Problem details:
The entries below are to be given back exactly, with images excluded.

--- Data section Enclosed Below ---

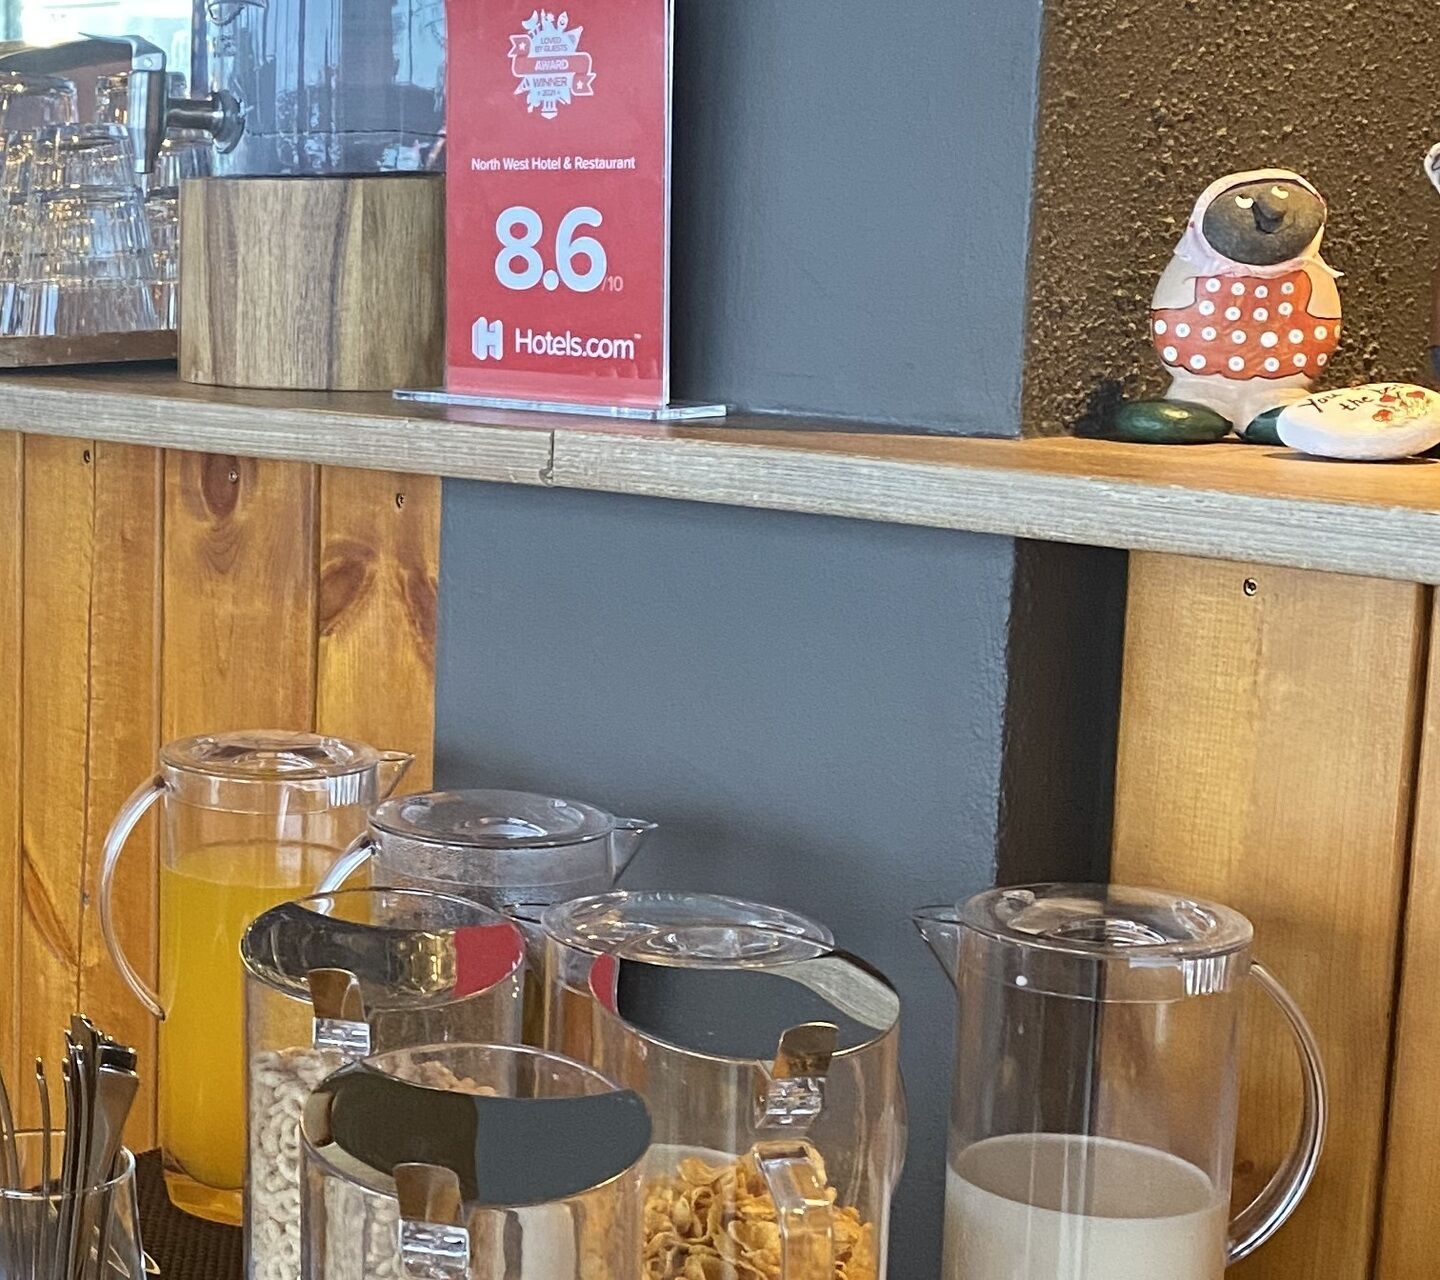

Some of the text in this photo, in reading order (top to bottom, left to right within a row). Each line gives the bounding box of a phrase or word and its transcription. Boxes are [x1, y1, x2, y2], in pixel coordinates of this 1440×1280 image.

[540, 36, 562, 45] LOVED
[544, 43, 568, 52] GUESTS
[534, 59, 569, 71] AWARD
[532, 76, 568, 87] WINNER
[471, 156, 636, 171] North West Hotel & Restaurant
[494, 205, 607, 293] 8.6
[1298, 392, 1344, 413] You
[1339, 396, 1375, 411] the

--- End of Enclosed Data section ---

Result of the task:
Some of the text in this photo, in reading order (top to bottom, left to right within a row). Each line gives the bounding box of a phrase or word and its transcription. Boxes are [x1, y1, x2, y2], in pixel coordinates of this 1440×1280 image.

[540, 36, 562, 45] LOVED
[544, 43, 568, 52] GUESTS
[534, 59, 569, 71] AWARD
[532, 76, 568, 87] WINNER
[471, 156, 636, 171] North West Hotel & Restaurant
[494, 205, 607, 293] 8.6
[1298, 392, 1344, 413] You
[1339, 396, 1375, 411] the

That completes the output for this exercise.